Only the lines from the one with "this 1500×1125 image." to the end of the data, both ends included, should be output, exactly as they stand and without pictures.

ENTRIES SUPPLIED
Content starts

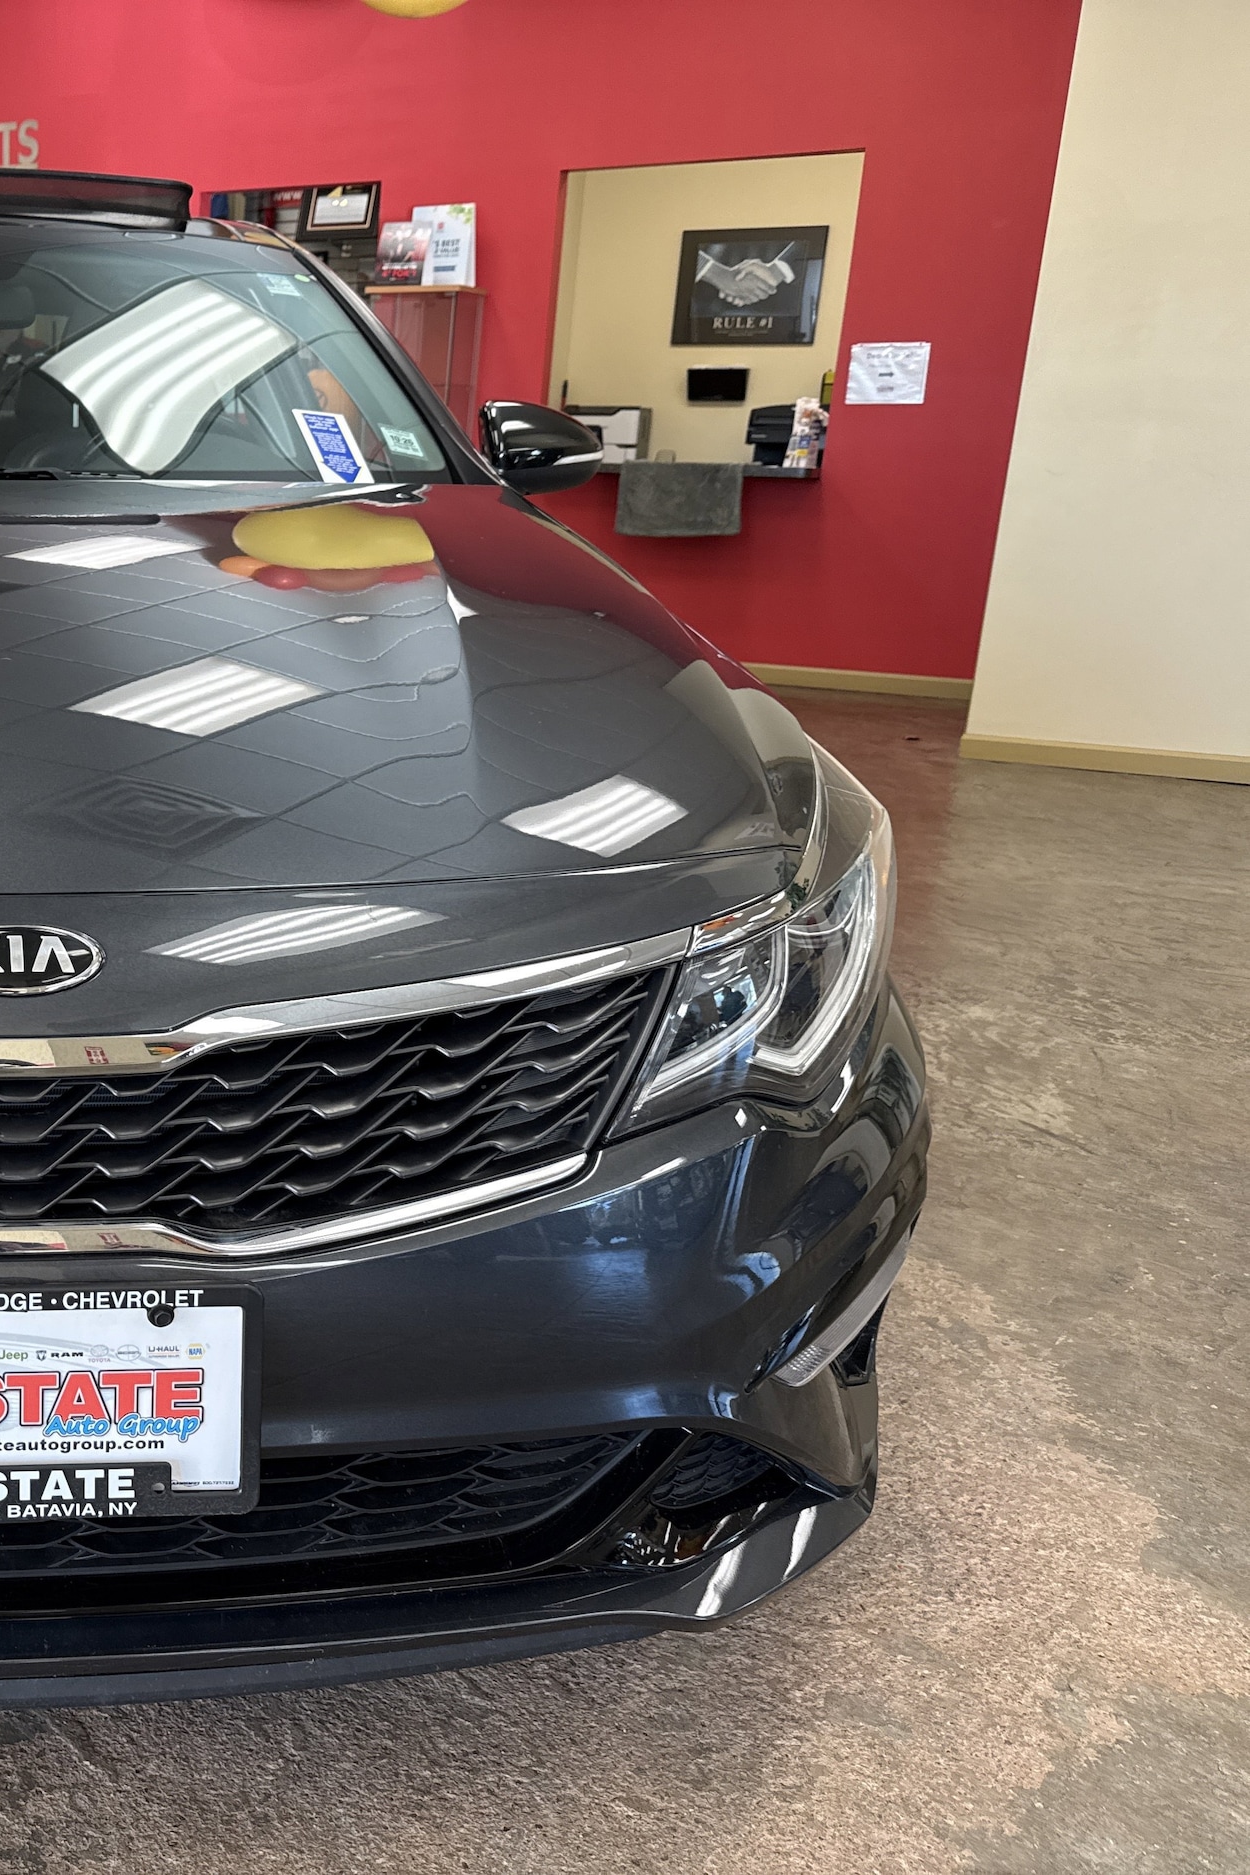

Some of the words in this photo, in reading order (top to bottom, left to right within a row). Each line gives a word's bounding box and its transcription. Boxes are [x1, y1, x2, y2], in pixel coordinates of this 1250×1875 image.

[712, 316, 756, 329] RULE
[759, 316, 774, 329] #1
[62, 1289, 204, 1310] CHEVROLET
[188, 1348, 203, 1356] NAPA
[44, 1414, 111, 1437] Auto
[118, 1413, 200, 1442] Group
[7, 1503, 104, 1519] BATAVIA,
[109, 1502, 138, 1516] NY
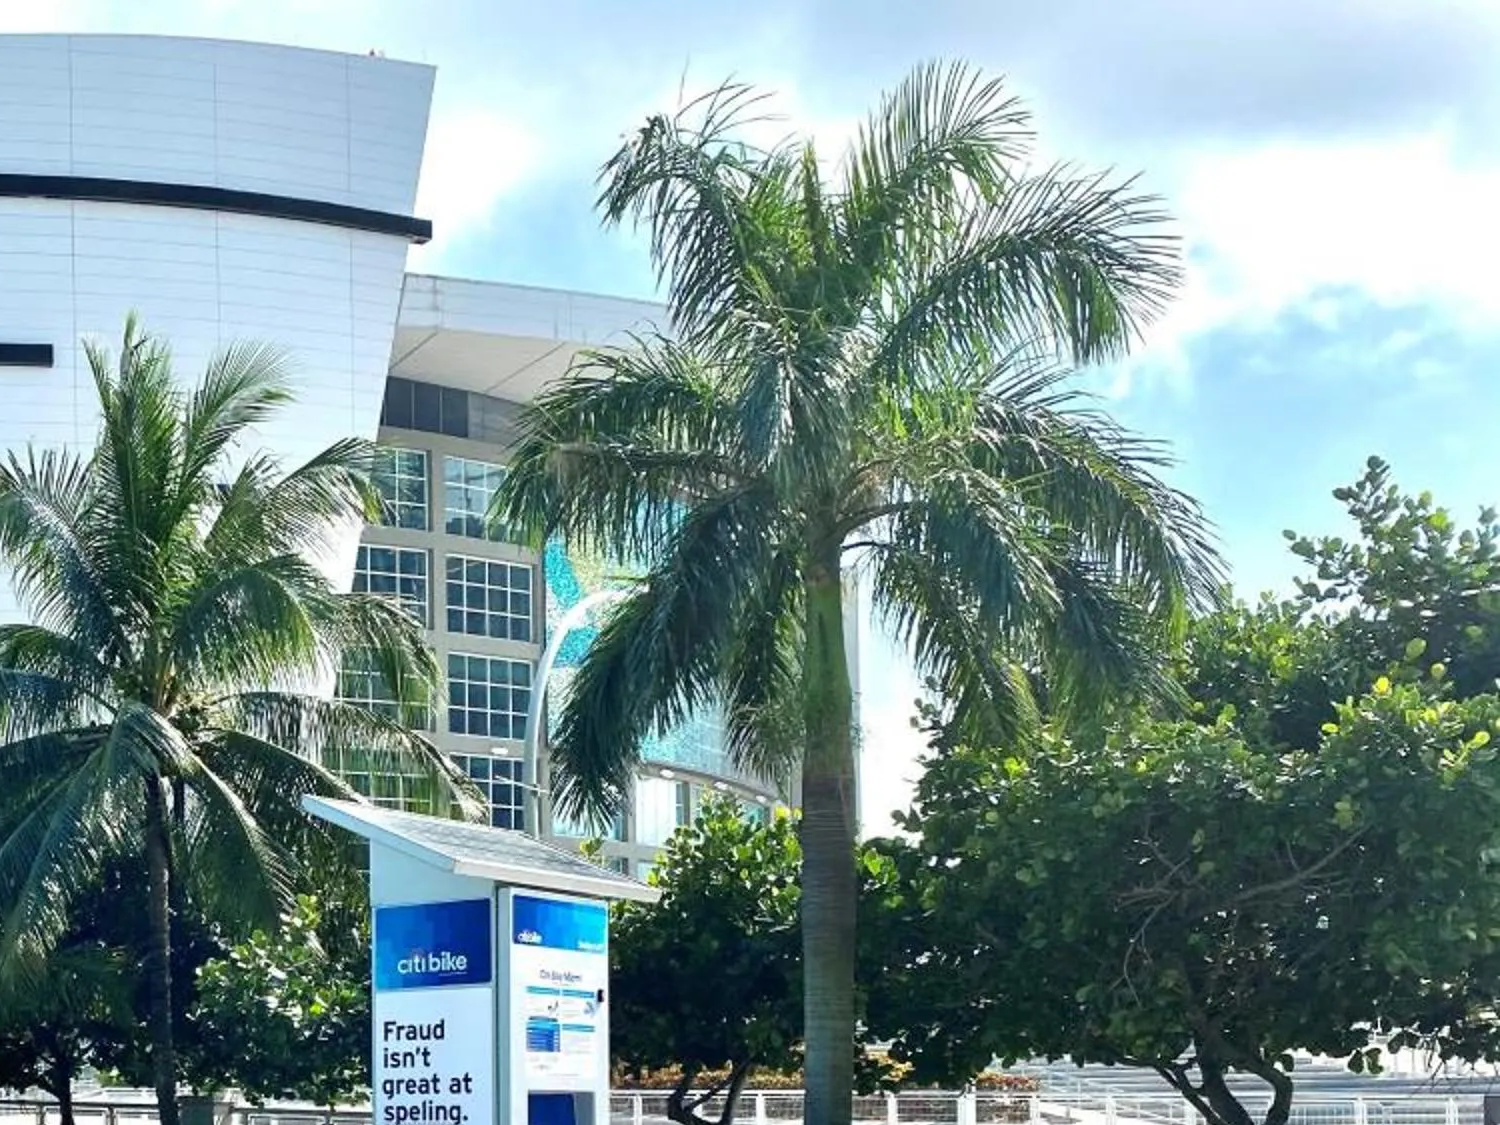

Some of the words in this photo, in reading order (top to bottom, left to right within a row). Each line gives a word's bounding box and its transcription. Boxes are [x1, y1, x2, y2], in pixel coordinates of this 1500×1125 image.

[383, 1019, 445, 1042] Fraud
[383, 1047, 431, 1068] isn't
[382, 1073, 441, 1100] great
[449, 1072, 473, 1095] at
[383, 1100, 469, 1125] speling.
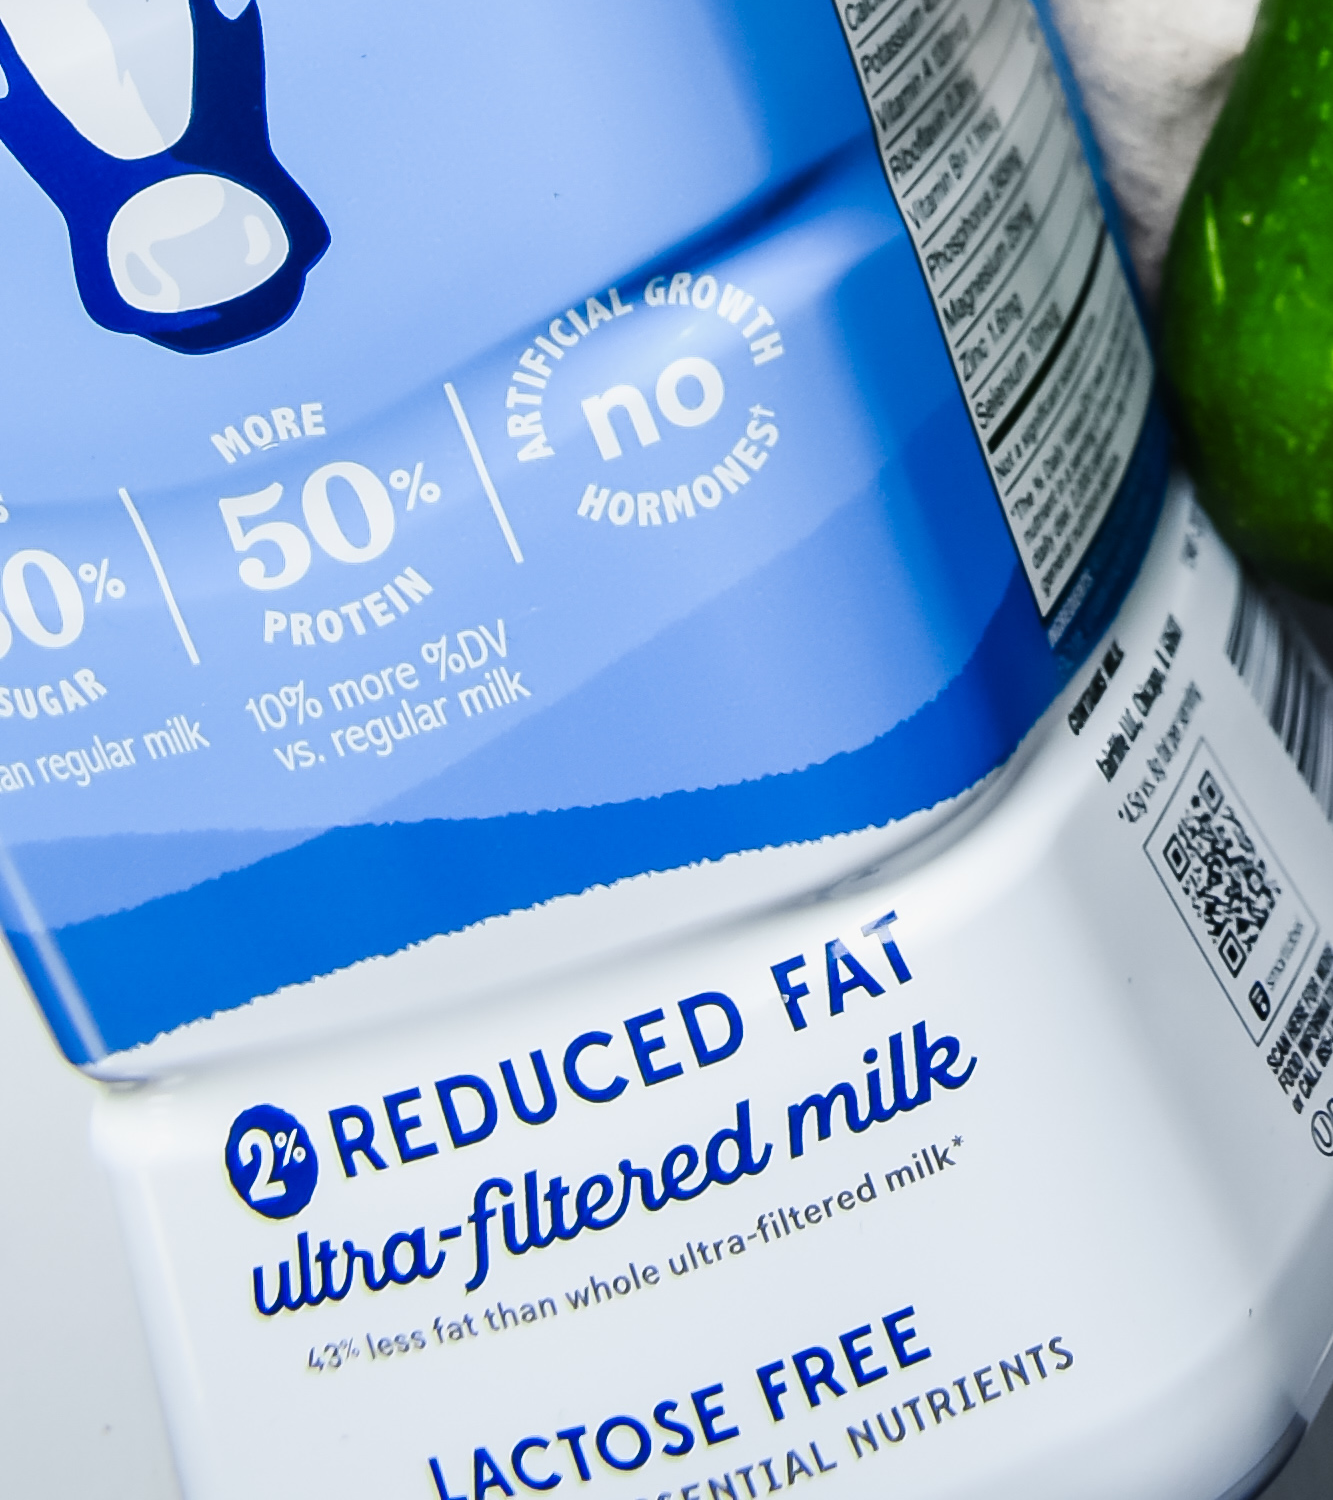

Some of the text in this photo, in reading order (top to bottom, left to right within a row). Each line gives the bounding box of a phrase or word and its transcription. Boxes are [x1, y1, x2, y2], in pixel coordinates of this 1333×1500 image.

[504, 271, 786, 467] ARTIFICIAL GROWTH
[579, 355, 726, 462] no
[210, 401, 328, 465] MORE
[262, 565, 434, 647] PROTEIN
[244, 618, 513, 735] 10% more %DV
[335, 665, 534, 760] regular milk
[36, 713, 211, 788] regular milk
[327, 908, 916, 1181] REDUCED FAT
[250, 1019, 978, 1319] ultra-filtered milk
[363, 1174, 880, 1364] less fat than whole ultra-filtered
[426, 1303, 933, 1500] LACTOSE FREE
[845, 1333, 1076, 1459] NUTRIENTS

Content ends

ANSWER TO THE PROBLEM
Some of the words in this photo, in reading order (top to bottom, left to right within a row). Each line gives a word's bounding box and its transcription. Boxes are [x1, y1, x2, y2], in pixel coordinates of this 1500×1125 image.

[383, 1019, 445, 1042] Fraud
[383, 1047, 431, 1068] isn't
[382, 1073, 441, 1100] great
[449, 1072, 473, 1095] at
[383, 1100, 469, 1125] speling.

Some of the text in this photo, in reading order (top to bottom, left to right within a row). Each line gives the bounding box of a phrase or word and its transcription. Boxes are [x1, y1, x2, y2], in pixel coordinates of this 1333×1500 image.

[504, 271, 786, 467] ARTIFICIAL GROWTH
[579, 355, 726, 462] no
[210, 401, 328, 465] MORE
[262, 565, 434, 647] PROTEIN
[244, 618, 513, 735] 10% more %DV
[335, 665, 534, 760] regular milk
[36, 713, 211, 788] regular milk
[327, 908, 916, 1181] REDUCED FAT
[250, 1019, 978, 1319] ultra-filtered milk
[363, 1174, 880, 1364] less fat than whole ultra-filtered
[426, 1303, 933, 1500] LACTOSE FREE
[845, 1333, 1076, 1459] NUTRIENTS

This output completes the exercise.